Miskatonic University Press

Robert Scoble, Richard Stallman, email and privacy

email privacy

Last week I was at the Augmented World Expo, a big conference about augmented reality. I’ll post more about it, but wanted to post briefly about one very amusing thing.

Robert Scoble gave the opening keynote:

He talked about privacy and the “creepy line.” Right at the end, at 21:57, he says this:

I’ve already noticed a new kind of digital divide: not between people who can afford technology and who can’t, although there is some of that with these toys, but between people who are all in, like me, and people who are all out, like—I had dinner with Richard Stallman, who wears a button that says ‘Pay Cash for Everything.’ Don’t use Facebook, don’t use credit cards. How many people here don’t use credit cards? Not a single hand. Yeah. So you guys have already gotten used to giving companies private information and I think you’re going to give more private information to more companies. Let me explain why in a few seconds.

I use a thing called Tripit. Tripit’s a mobile app that watches my travel behaviour. It looks deep into my Google mail. If we had this meeting fifteen years and somebody would have piped up and said you’re going to give access to third-party companies to your email, I would have probably said you’re nuts, but today I give, what, fifteen companies access to my email for different reasons.

Anyways, I was sitting in a plane in Chicago, coming home, and Tripit said your plane’s been cancelled, here’s a link to another flight out of town that night. I clicked it, it had my credit card, I bought a ticket. Turns out the pilot came on a minute or two later and said sorry, we’re having engine trouble, we don’t have a way to fly home tonight, we’re going back to the gate so you’re going to have to deal with our customer service personnel. I got one of three seats that night because I’m an all-in guy. Richard Stallman, if he was on that plane, would be sitting in Chicago that night. So this industry is going to bring us a lot of utility, but it is going to come at the price of being over the creepy line. With that, I hope you guys take us way over the creepy line.

Fifteen companies with access to his email!?

Compare Scoble’s approach to this Stallman quote from The Shaggy God, by John Sedgwick, from Boston magazine in 2008:

To avoid detection by “Big Brother”—a phrase he uses without irony—he tries to pay cash for everything; avoids Amtrak now that it demands the usual photo ID that Stallman, ever on the lookout for fascism, calls his “papers”; shuffles Charlie Cards with other people so that no single RFID (the radio-based ID system embedded in the cards) is linked to him; and, just in case, wraps Charlie in aluminum foil to mute the transmissions. Why would the MBTA care where he went? “I don’t know why,” Stallman replies, taken aback. “But they do. There’s this philosophy of ‘Let’s keep track of people absolutely as much as possible.’” And once they have it, they have it forever, he observes. “The record is permanent.”

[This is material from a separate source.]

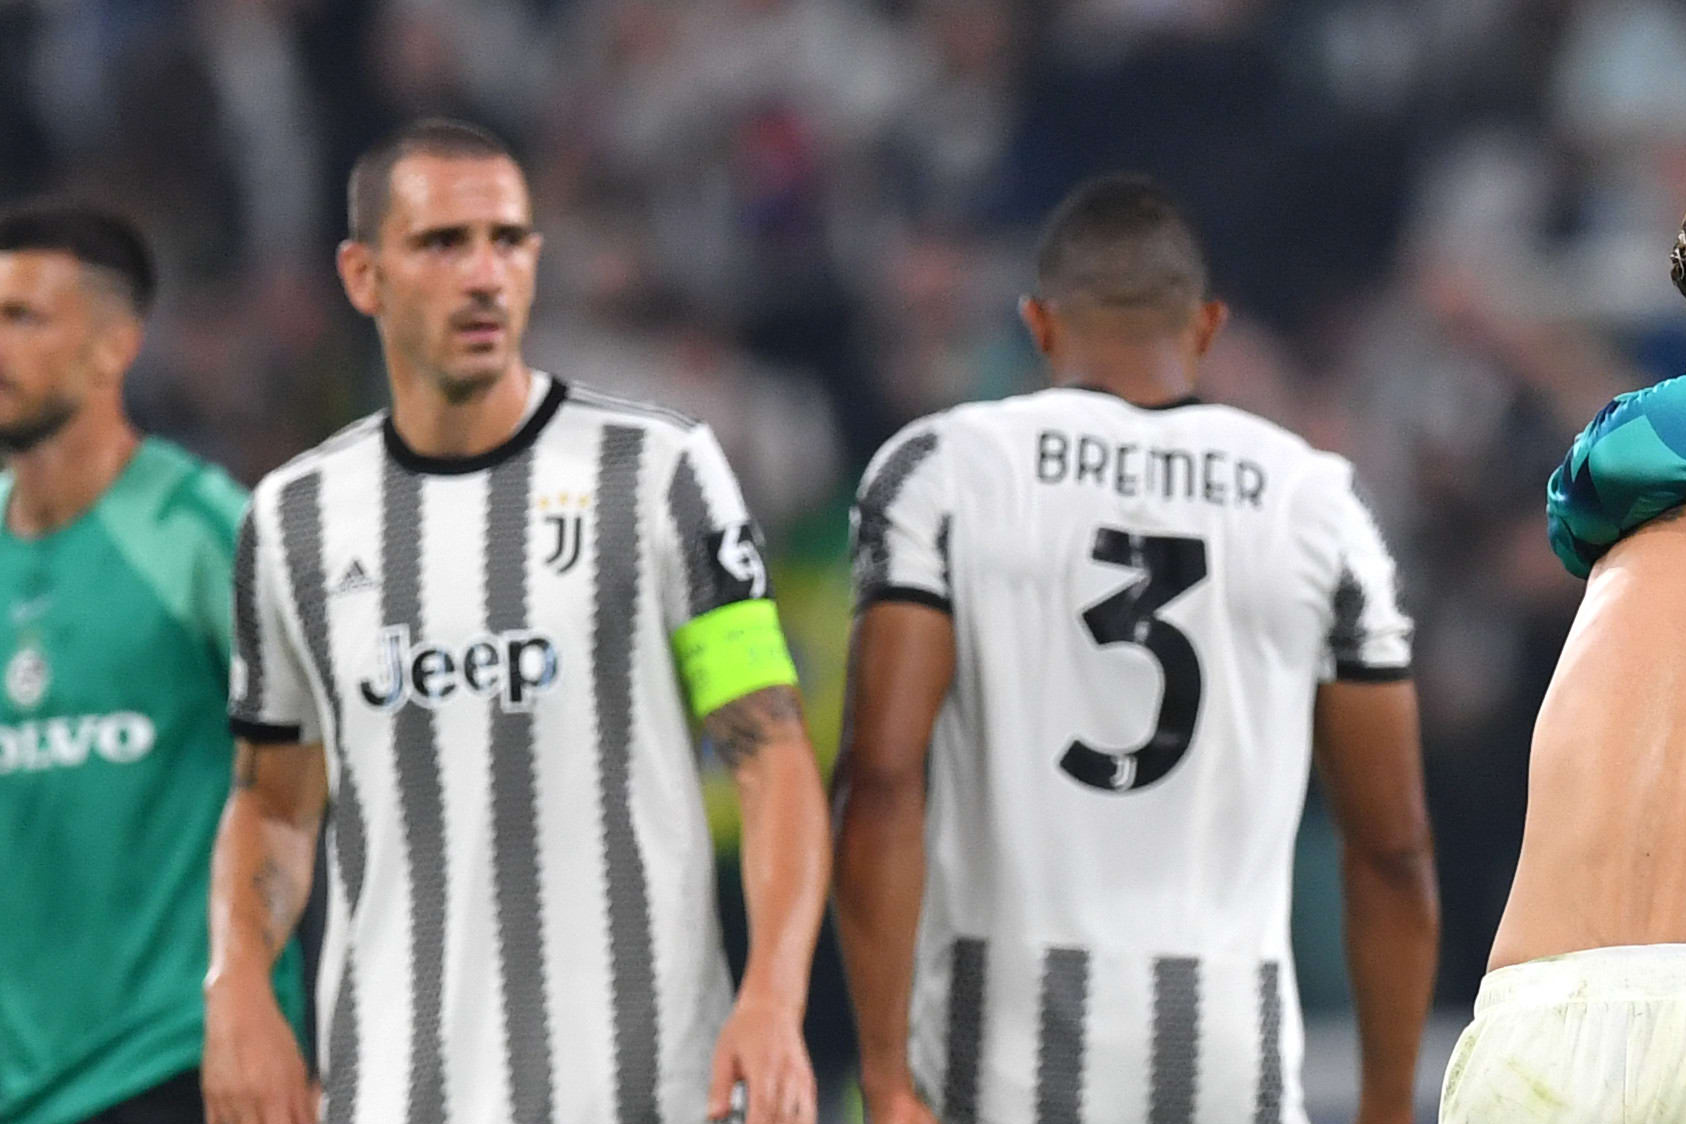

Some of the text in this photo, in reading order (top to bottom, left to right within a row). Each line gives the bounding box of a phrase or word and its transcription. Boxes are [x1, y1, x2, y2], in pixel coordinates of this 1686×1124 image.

Stallman also owns no cell phone, but will borrow one, if need be. He says he’s leery of the always-on GPS homing signal that some believe has allowed the CIA to off any number of Al Qaeda higher‑ups. “It’s on even when the phone’s off. You have to take the batteries out.” He pauses. “I learned that from the Palestinian Information Technology Association. They have important reasons to know if their cell phones can tell where they are. They could get killed.”

Of course, most of these precautions are pointless, since he outs himself every time he offers up ID to board a plane, then writes about every inch of his travels on his blog. So why bother with all the inconveniences?

“Fuck convenience,” Stallman snaps. “If you won’t sacrifice a little convenience for your freedom, you’re going to lose it.”

RMS’s own page about his lifestyle explains more:

“Loyalty cards”

I refuse to have supermarket frequent buyer cards of my own because they are a form of surveillance. I am willing to pay extra for my privacy and to resist an abusive system. See nocards.org for more explanation of this issue. However, I don’t mind using someone else’s card or number once in a while, to avoid the extra charge for not using a card. That doesn’t track me.

I do use airline frequent flier numbers because the airlines demand to know my identity anyway.

However, I won’t purchase other things with an airline-linked credit card to get miles, because I’d rather pay cash and be anonymous.

Credit Cards

I have a credit card, but I use it as rarely as possible. Effectively, only for airline tickets, car rental, and hotel checkin — because they demand identification anyway.

I pay some other bills with checks. Once again, the payees already know my name.

I’m with Stallman. I’d rather be stuck in Chicago than open up my email. Heck, the Chicago airport’s not a bad place to be stuck. Anyway, you could take the el into the city, stay overnight, maybe catch a show at a club that night, maybe see something at the Art Institute of Chicago in the morning.

Being stuck in Chi with Stallman would be a far more interesting night than escaping by plane with Scoble, too. But I do wonder what their dinner was like.